SUPPLIED DATA START

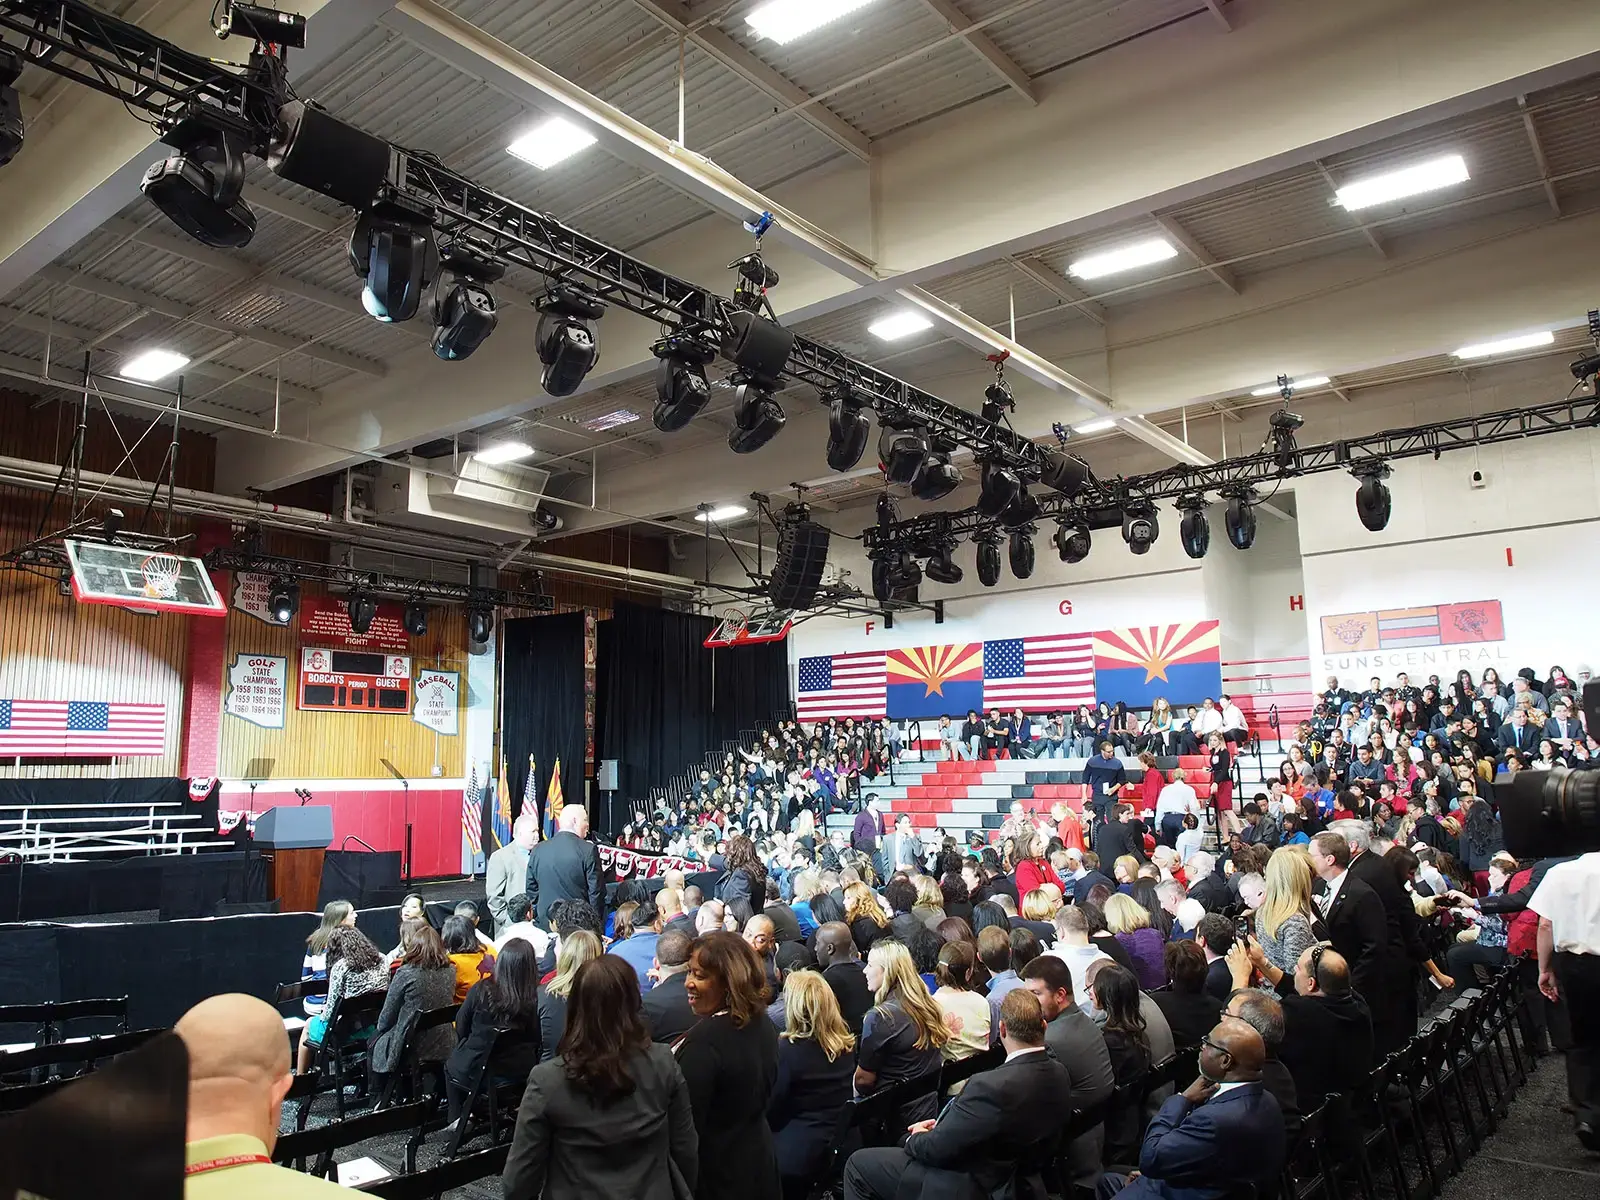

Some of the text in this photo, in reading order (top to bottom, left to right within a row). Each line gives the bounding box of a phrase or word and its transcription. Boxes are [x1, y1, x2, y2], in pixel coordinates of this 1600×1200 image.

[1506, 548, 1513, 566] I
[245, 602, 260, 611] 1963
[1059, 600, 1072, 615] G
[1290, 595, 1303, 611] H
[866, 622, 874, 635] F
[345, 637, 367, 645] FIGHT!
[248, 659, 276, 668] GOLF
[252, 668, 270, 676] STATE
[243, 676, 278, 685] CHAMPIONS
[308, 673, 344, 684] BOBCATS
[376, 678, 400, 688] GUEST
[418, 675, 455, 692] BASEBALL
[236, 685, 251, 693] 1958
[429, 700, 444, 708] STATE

SUPPLIED DATA END

## [ACTIVITY]
Leaving the pictures out, write out every entry exactly.

## [WRITTEN ANSWER]
Some of the text in this photo, in reading order (top to bottom, left to right within a row). Each line gives the bounding box of a phrase or word and its transcription. Boxes are [x1, y1, x2, y2], in pixel coordinates of this 1600×1200 image.

[1506, 548, 1513, 566] I
[245, 602, 260, 611] 1963
[1059, 600, 1072, 615] G
[1290, 595, 1303, 611] H
[866, 622, 874, 635] F
[345, 637, 367, 645] FIGHT!
[248, 659, 276, 668] GOLF
[252, 668, 270, 676] STATE
[243, 676, 278, 685] CHAMPIONS
[308, 673, 344, 684] BOBCATS
[376, 678, 400, 688] GUEST
[418, 675, 455, 692] BASEBALL
[236, 685, 251, 693] 1958
[429, 700, 444, 708] STATE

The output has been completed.